Requirement: The listing below should be reproduced precisely, except for its images.

Records for this exercise:
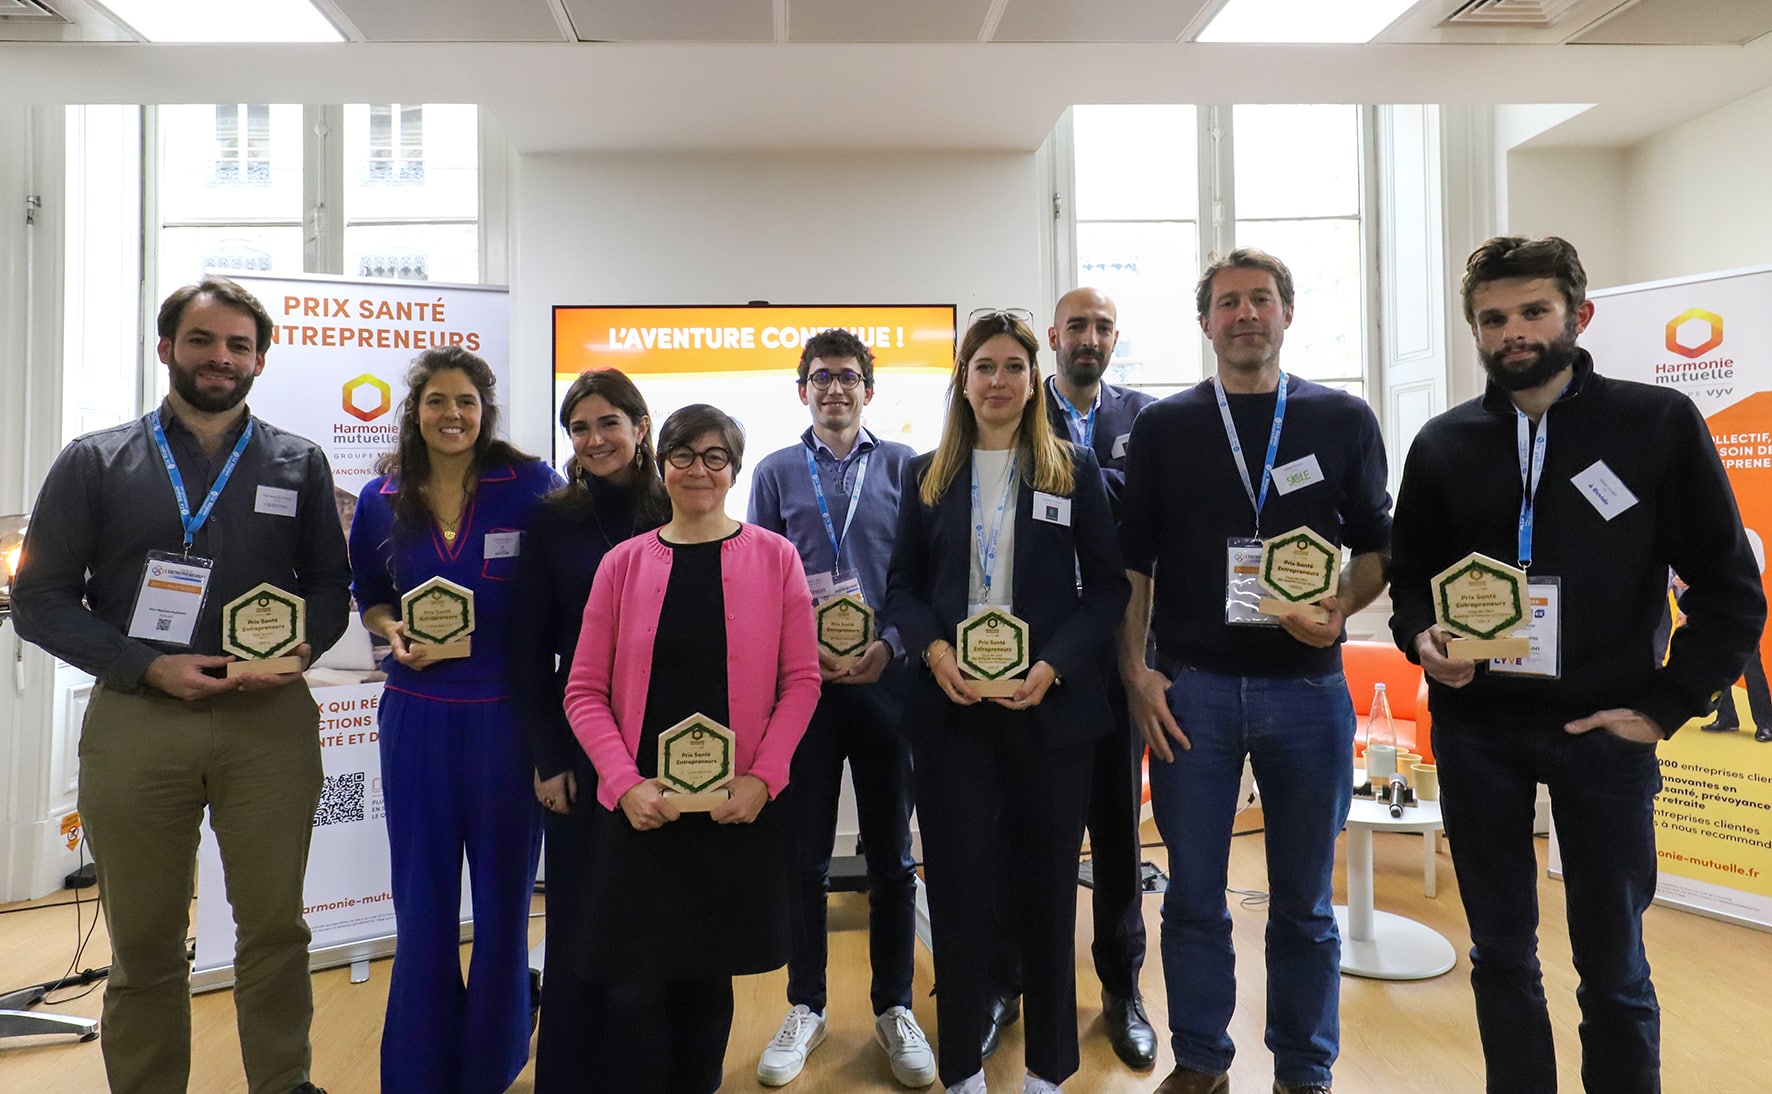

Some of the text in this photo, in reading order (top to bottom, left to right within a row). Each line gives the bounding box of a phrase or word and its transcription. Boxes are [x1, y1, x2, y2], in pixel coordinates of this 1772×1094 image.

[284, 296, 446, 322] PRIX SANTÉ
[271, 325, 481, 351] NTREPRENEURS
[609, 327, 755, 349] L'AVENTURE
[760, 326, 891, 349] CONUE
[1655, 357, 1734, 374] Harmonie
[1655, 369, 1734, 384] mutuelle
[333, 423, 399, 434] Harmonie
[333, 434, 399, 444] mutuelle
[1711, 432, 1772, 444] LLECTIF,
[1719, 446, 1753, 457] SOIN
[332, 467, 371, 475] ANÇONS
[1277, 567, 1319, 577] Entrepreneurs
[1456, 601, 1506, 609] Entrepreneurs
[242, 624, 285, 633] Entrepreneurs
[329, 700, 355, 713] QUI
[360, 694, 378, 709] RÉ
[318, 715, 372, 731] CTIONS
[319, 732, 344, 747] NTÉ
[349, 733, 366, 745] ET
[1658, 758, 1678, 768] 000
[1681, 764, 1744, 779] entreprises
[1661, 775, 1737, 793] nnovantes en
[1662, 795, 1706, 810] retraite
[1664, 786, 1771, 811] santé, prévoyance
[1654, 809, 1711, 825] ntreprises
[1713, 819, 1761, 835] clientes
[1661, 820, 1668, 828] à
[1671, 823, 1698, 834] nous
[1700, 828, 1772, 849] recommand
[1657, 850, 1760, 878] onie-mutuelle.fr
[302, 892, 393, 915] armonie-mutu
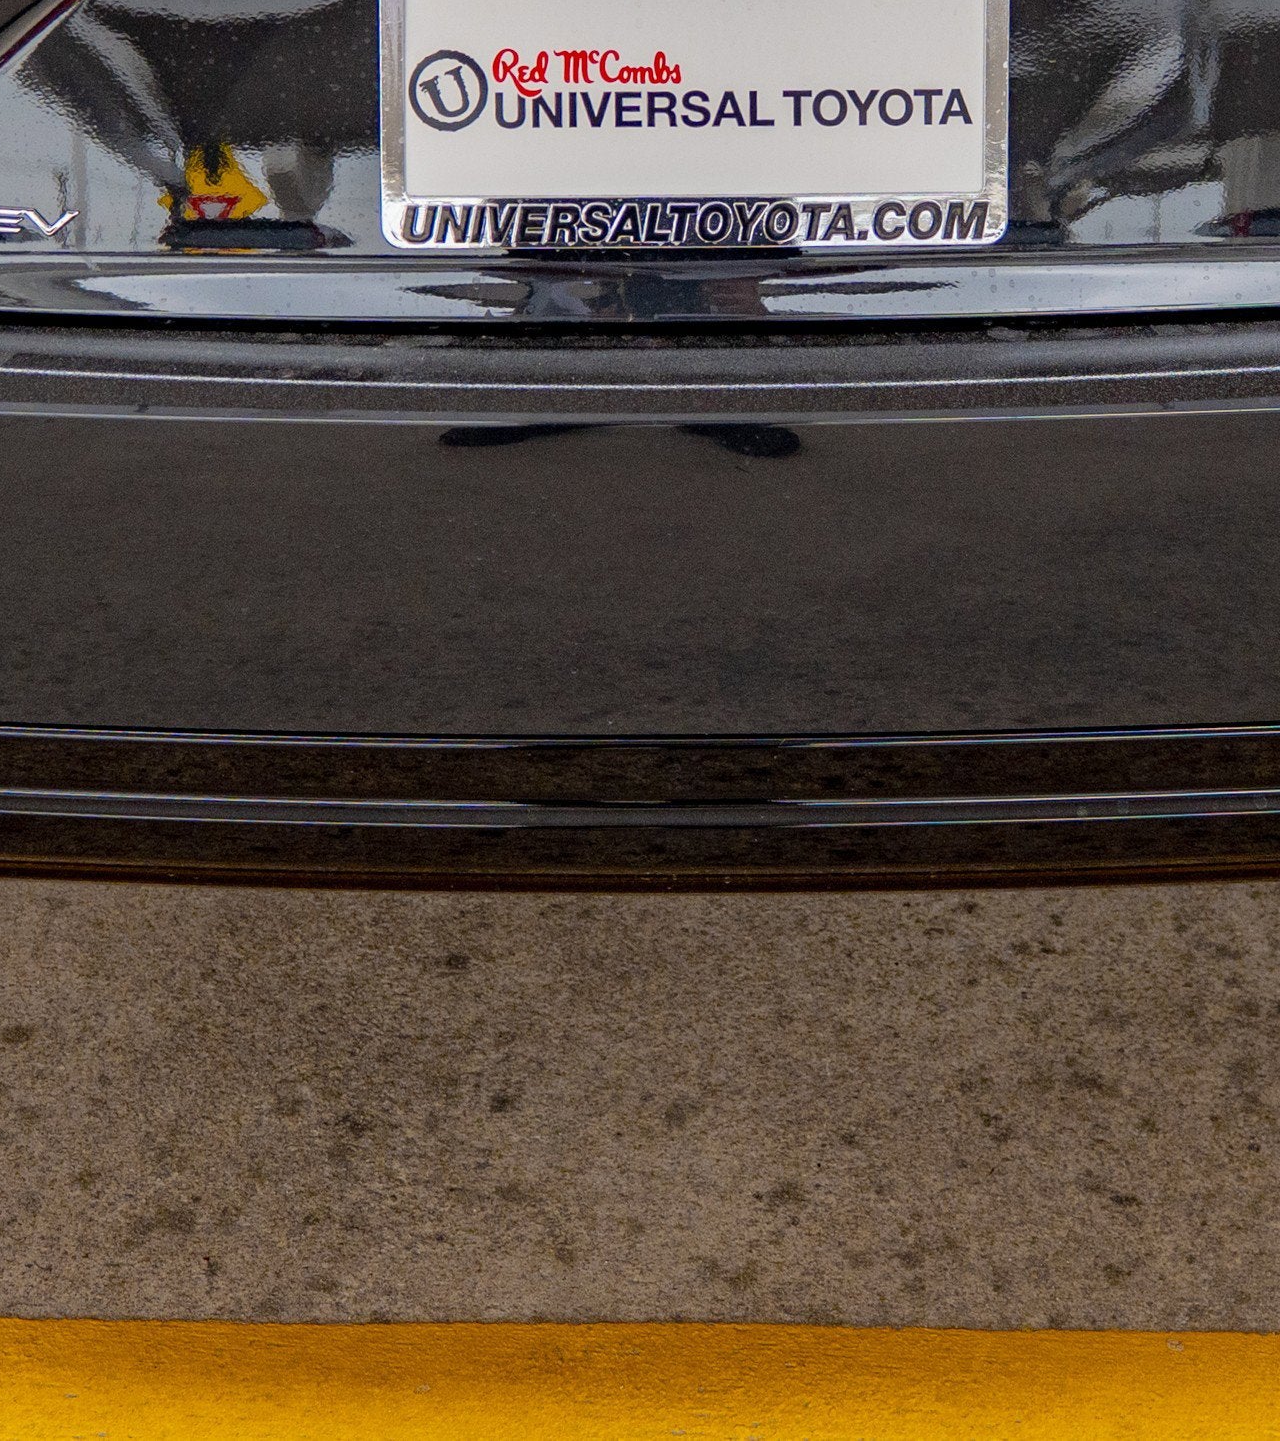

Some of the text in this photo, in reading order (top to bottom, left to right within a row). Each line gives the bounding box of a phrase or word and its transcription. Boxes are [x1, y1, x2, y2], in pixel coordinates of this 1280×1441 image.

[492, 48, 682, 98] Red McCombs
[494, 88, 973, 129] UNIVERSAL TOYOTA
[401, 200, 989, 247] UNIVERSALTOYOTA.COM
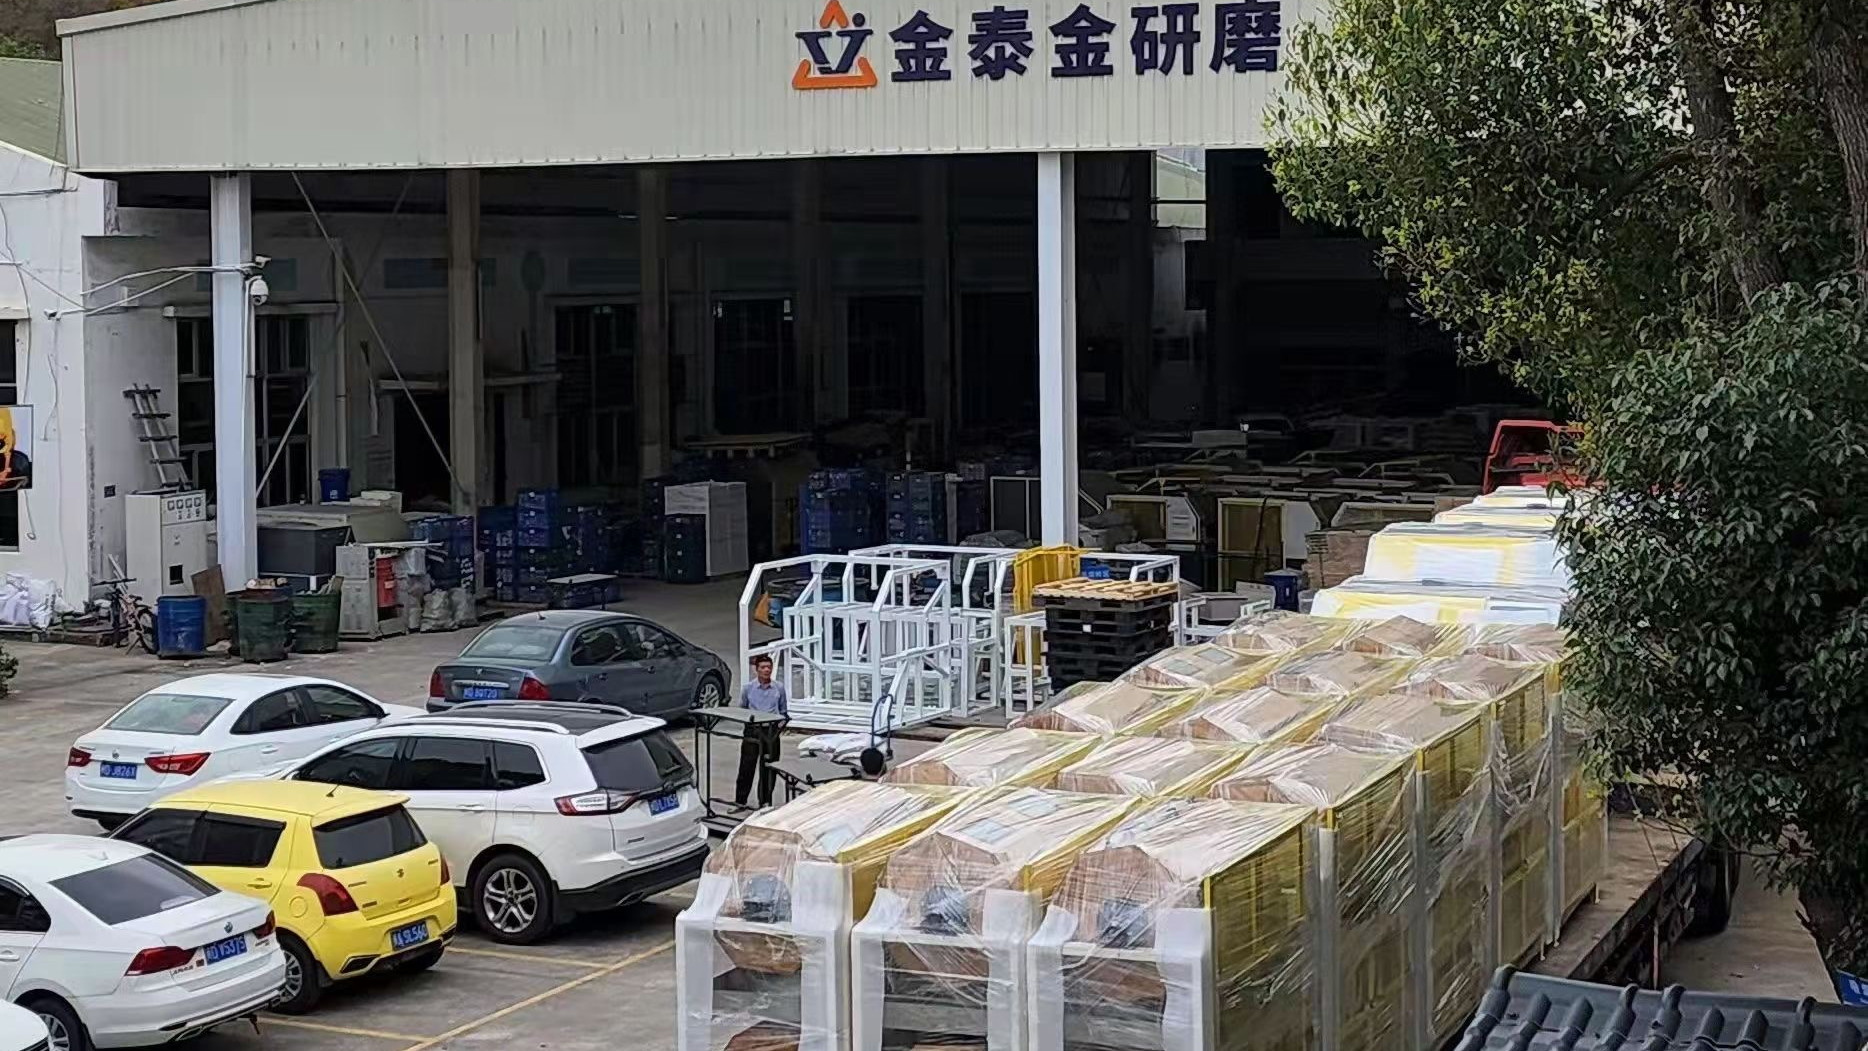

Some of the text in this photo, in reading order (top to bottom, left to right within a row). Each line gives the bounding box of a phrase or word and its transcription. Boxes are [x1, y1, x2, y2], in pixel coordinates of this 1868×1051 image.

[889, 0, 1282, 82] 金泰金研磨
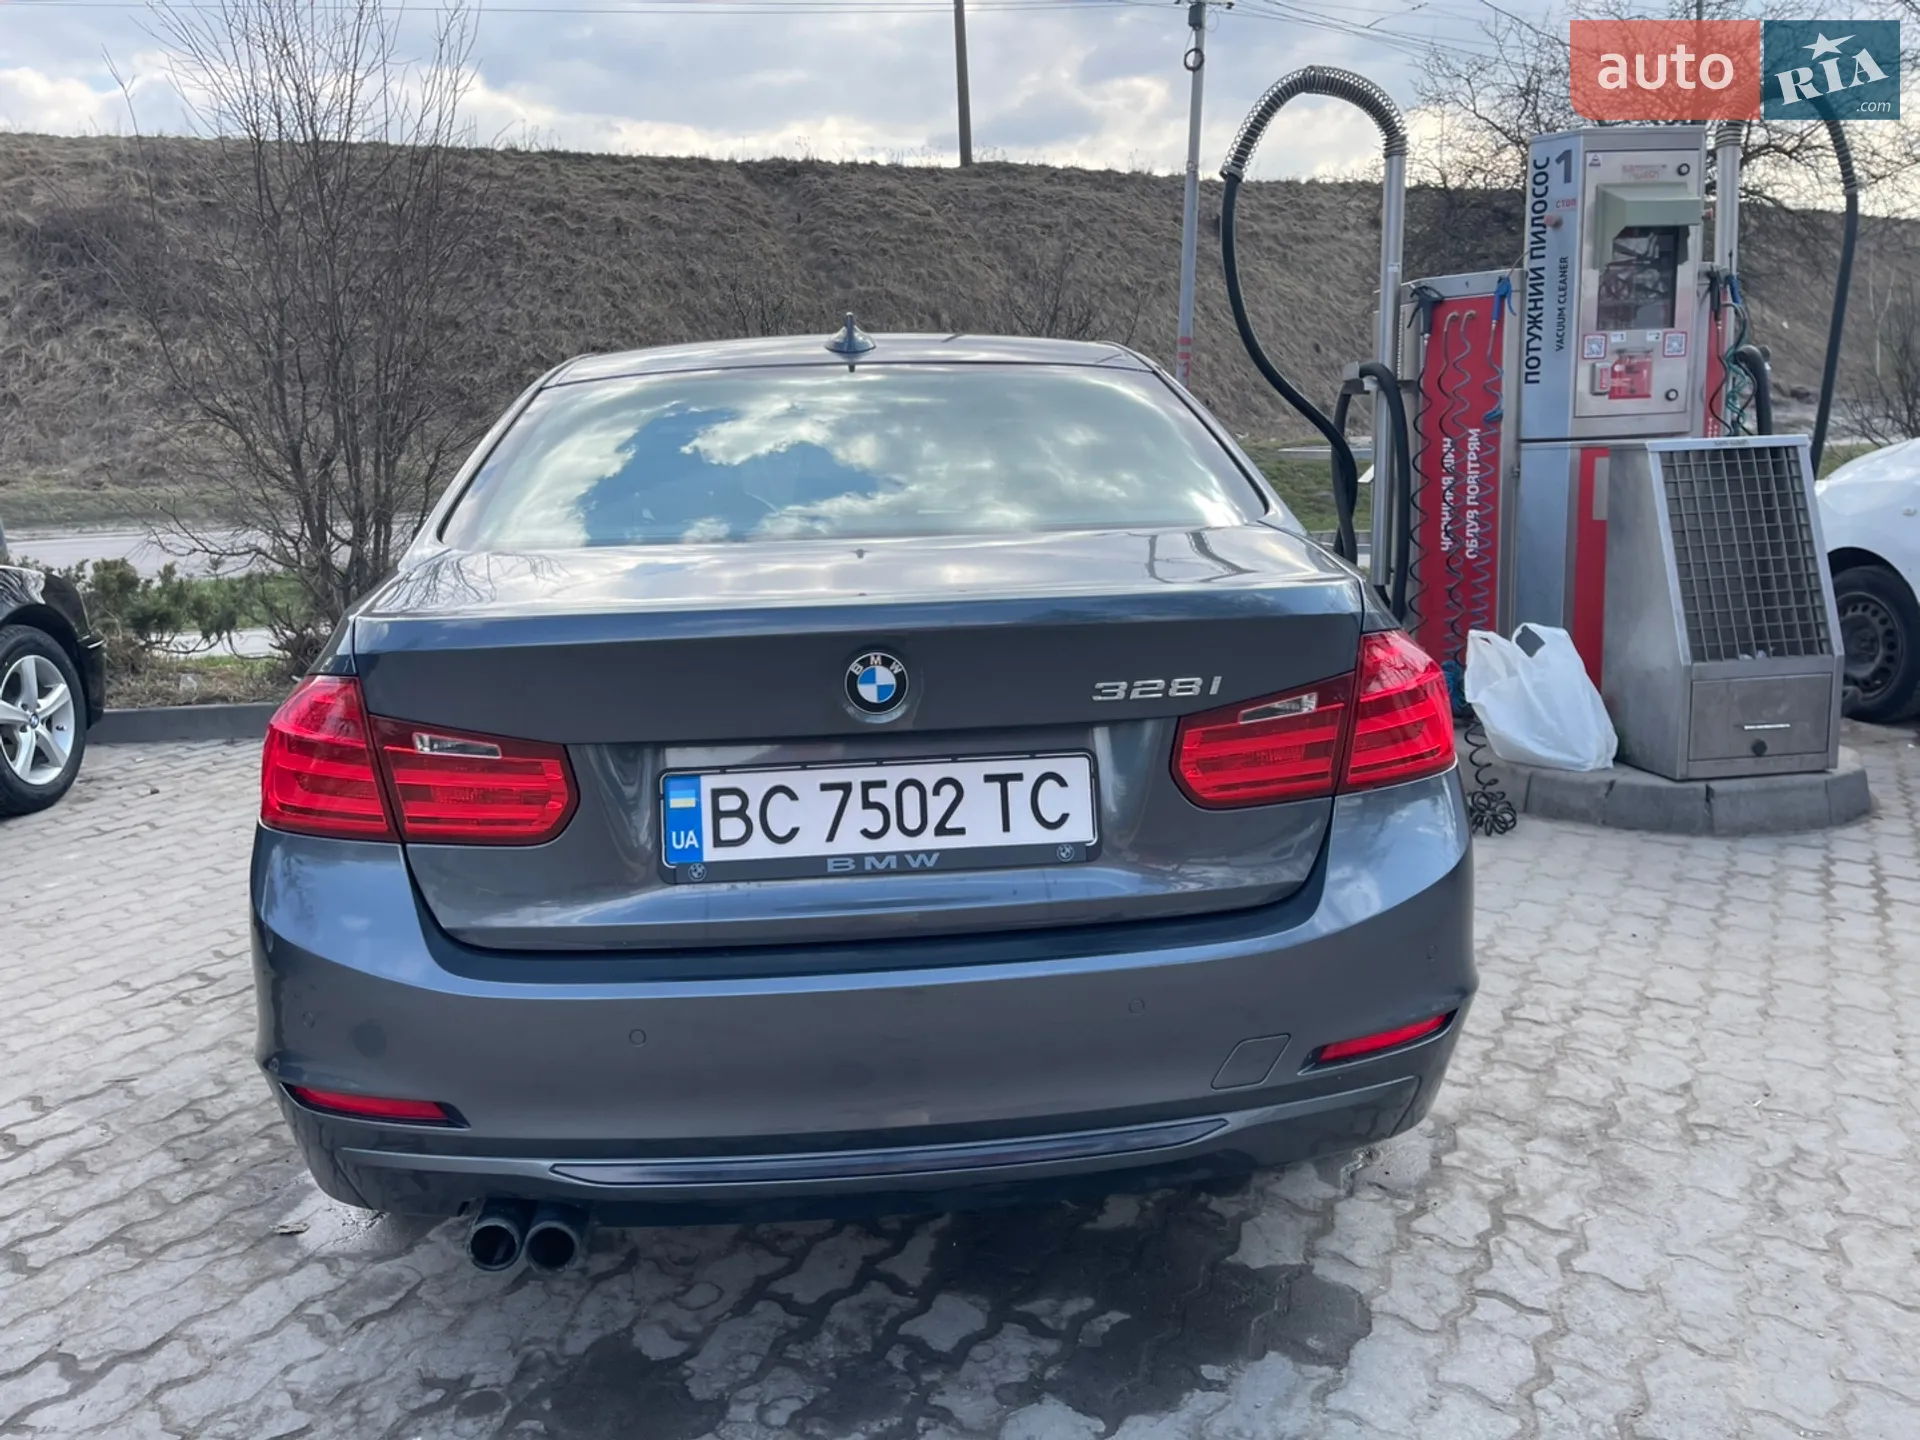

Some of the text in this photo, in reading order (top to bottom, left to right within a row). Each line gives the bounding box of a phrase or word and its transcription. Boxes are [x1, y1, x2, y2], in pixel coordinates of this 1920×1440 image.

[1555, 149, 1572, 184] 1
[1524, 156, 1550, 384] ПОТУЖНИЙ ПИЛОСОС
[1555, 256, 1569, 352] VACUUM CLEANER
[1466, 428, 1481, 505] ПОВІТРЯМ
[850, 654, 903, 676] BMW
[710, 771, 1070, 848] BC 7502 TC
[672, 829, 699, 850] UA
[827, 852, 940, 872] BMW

Output for this exercise:
Some of the text in this photo, in reading order (top to bottom, left to right within a row). Each line gives the bounding box of a phrase or word and its transcription. Boxes are [x1, y1, x2, y2], in pixel coordinates of this 1772×1094 image.

[284, 296, 446, 322] PRIX SANTÉ
[271, 325, 481, 351] NTREPRENEURS
[609, 327, 755, 349] L'AVENTURE
[760, 326, 891, 349] CONUE
[1655, 357, 1734, 374] Harmonie
[1655, 369, 1734, 384] mutuelle
[333, 423, 399, 434] Harmonie
[333, 434, 399, 444] mutuelle
[1711, 432, 1772, 444] LLECTIF,
[1719, 446, 1753, 457] SOIN
[332, 467, 371, 475] ANÇONS
[1277, 567, 1319, 577] Entrepreneurs
[1456, 601, 1506, 609] Entrepreneurs
[242, 624, 285, 633] Entrepreneurs
[329, 700, 355, 713] QUI
[360, 694, 378, 709] RÉ
[318, 715, 372, 731] CTIONS
[319, 732, 344, 747] NTÉ
[349, 733, 366, 745] ET
[1658, 758, 1678, 768] 000
[1681, 764, 1744, 779] entreprises
[1661, 775, 1737, 793] nnovantes en
[1662, 795, 1706, 810] retraite
[1664, 786, 1771, 811] santé, prévoyance
[1654, 809, 1711, 825] ntreprises
[1713, 819, 1761, 835] clientes
[1661, 820, 1668, 828] à
[1671, 823, 1698, 834] nous
[1700, 828, 1772, 849] recommand
[1657, 850, 1760, 878] onie-mutuelle.fr
[302, 892, 393, 915] armonie-mutu

Some of the text in this photo, in reading order (top to bottom, left to right within a row). Each line gives the bounding box of a phrase or word and its transcription. Boxes are [x1, y1, x2, y2], in pixel coordinates of this 1280×1441 image.

[492, 48, 682, 98] Red McCombs
[494, 88, 973, 129] UNIVERSAL TOYOTA
[401, 200, 989, 247] UNIVERSALTOYOTA.COM

Some of the text in this photo, in reading order (top to bottom, left to right within a row). Each line gives the bounding box of a phrase or word and its transcription. Boxes are [x1, y1, x2, y2], in pixel coordinates of this 1868×1051 image.

[889, 0, 1282, 82] 金泰金研磨

Some of the text in this photo, in reading order (top to bottom, left to right within a row). Each line gives the bounding box of a phrase or word and its transcription. Boxes are [x1, y1, x2, y2], in pixel coordinates of this 1920×1440 image.

[1555, 149, 1572, 184] 1
[1524, 156, 1550, 384] ПОТУЖНИЙ ПИЛОСОС
[1555, 256, 1569, 352] VACUUM CLEANER
[1466, 428, 1481, 505] ПОВІТРЯМ
[850, 654, 903, 676] BMW
[710, 771, 1070, 848] BC 7502 TC
[672, 829, 699, 850] UA
[827, 852, 940, 872] BMW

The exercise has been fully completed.